CONTEXT | UPND’s Communication Problem Amidst Crisis
UPND has a power problem. It also has a message problem. The Chingola incident exposed both. When stones flew toward the President in Chiwempala, the first instinct from party voices was not to wait for a consolidated security brief. It was to talk. Father Frank Bwalya issued a partisan statement that sat awkwardly beside the later, more detailed police report on riot and arson.
Media Director Mark Simuuwe also moved quickly with language that appeared to minimise the scale of the violence, even as videos and still images showed the presidential convoy being targeted and state property torched. The result was confusion. Citizens were left to choose between optics on their phones and fragmented narratives from people who sounded more political than professional.
This is not an isolated episode. UPND has carried into government the habits of a party that spent two decades in opposition. Many senior figures still behave as if they are activists trying to break through an unfriendly media ecosystem. They rush to social platforms, offer personal spin, and often pre-empt formal institutions.
Law enforcement agencies are now on the ground in Chingola, making arrests and reconstructing events. But parallel commentary from party officials and aligned tabloids continues to drip out, sometimes with partial facts, sometimes with speculation. That pattern undermines the credibility of investigators and erodes public trust in official outcomes.
The problem is structural. Almost everyone behaves like a spokesperson. Provincial leaders, constituency officials, presidential aides, and allied influencers all feel licensed to speak for the party and, by extension, for the state. There is no clear hierarchy of voice in moments of crisis. When Obvious Mwaliteta suggested that the party might provide its own security for the President, it raised a simple question in many minds. Is the state failing, or are politicians encroaching on the work of trained professionals. The line between party structures and national institutions starts to blur.
The energy crisis has made this communication gap even sharper. Load shedding linked to drought and reduced hydropower generation has crushed small businesses and reshaped the urban mood. Regional climate data and government statements point to a severe reduction in water levels at major reservoirs, including Kariba, with direct impact on power production. Yet the public conversation is dominated less by clear, repeated explanations and more by defensive talking points.
Citizens hear accusations that power is being exported while they receive only a few hours of electricity. Technical clarifications arrive late, or in language that feels remote from lived experience. In that vacuum, anger becomes the loudest interpreter.
Yesterday’s meeting between President Hichilema and Aliko Dangote at State House captured this dynamic. Dangote reportedly told the President that once electricity is available, there will be less need to talk during campaigns. The remark, whether intended as practical advice or blunt assessment, has been seized by the opposition as proof that even friendly investors think the government is failing.
Social media excerpts have been cut and shared without context.
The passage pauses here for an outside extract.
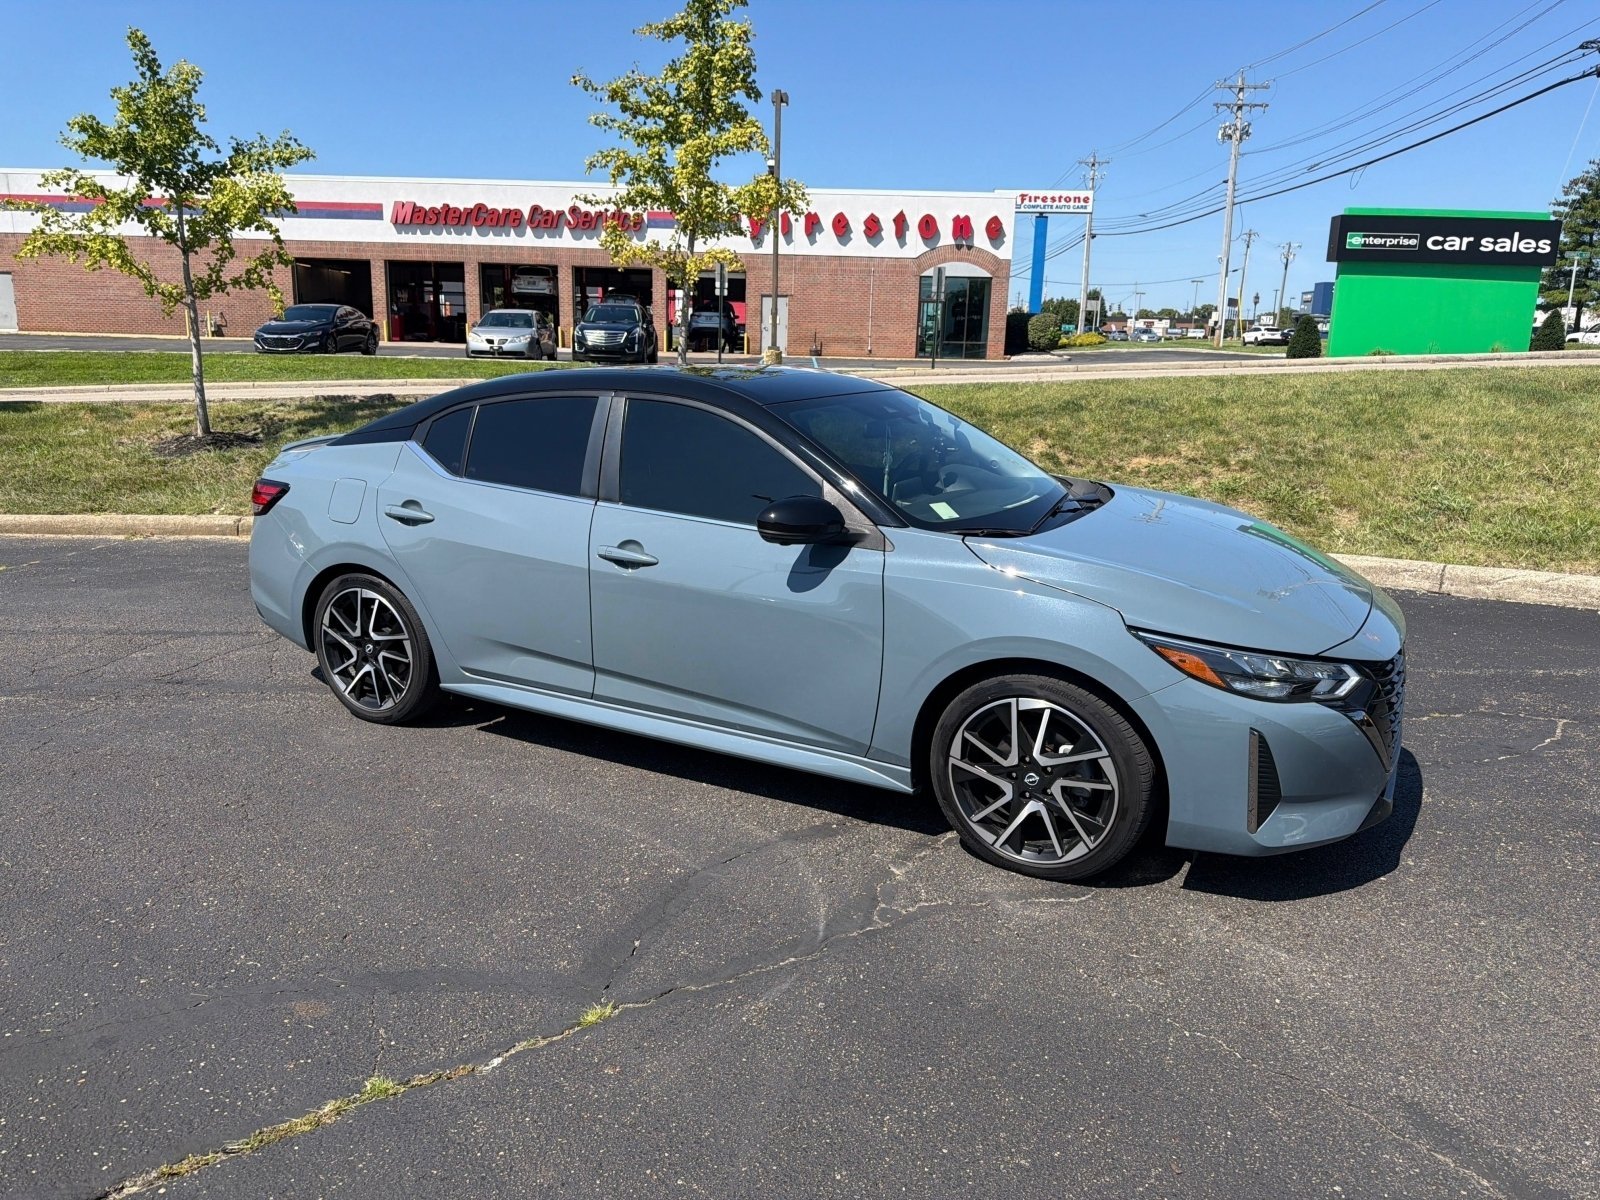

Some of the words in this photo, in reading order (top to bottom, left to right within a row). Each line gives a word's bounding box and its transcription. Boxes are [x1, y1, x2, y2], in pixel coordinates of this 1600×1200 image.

UPND media structures have not managed to frame the encounter as part of a broader push for energy investment and industrial policy. Instead, they are again reacting to narratives set by critics.
At the core is a simple failure to understand sequencing. In modern politics, whoever speaks first with clarity usually defines the story. In Chingola, the first coherent account that many people believed came from raw footage and opposition commentary, not from the state.
On the energy crisis, the most memorable lines are coming from frustrated entrepreneurs, opposition leaders, and viral posts, not from a disciplined government message that joins drought, reform, and future investment into one story. Even where facts favour government, the presentation often feels defensive, technical, or disjointed.
UPND can fix this, but not without discipline. It needs fewer public voices and clearer roles. Security incidents should be fronted by the police and relevant ministers, not by a chorus of party surrogates. Economic and energy updates should come from the President, the Finance Minister, and sector technocrats, supported by simple explainer material. Party-aligned tabloids and influencers will always exist, but they should echo a central line, not invent their own. The goal is not silence. It is coherence.
Until that shift happens, UPND will keep fighting the same battle on two fronts. On one side, structural problems such as drought, power shortages, and high prices. On the other, self-inflicted wounds from a communication culture that talks too fast, contradicts itself, and leaves space for opponents to set the mood.
The opposition understands narrative power. The ruling party still behaves like an opposition movement that has accidentally captured the state.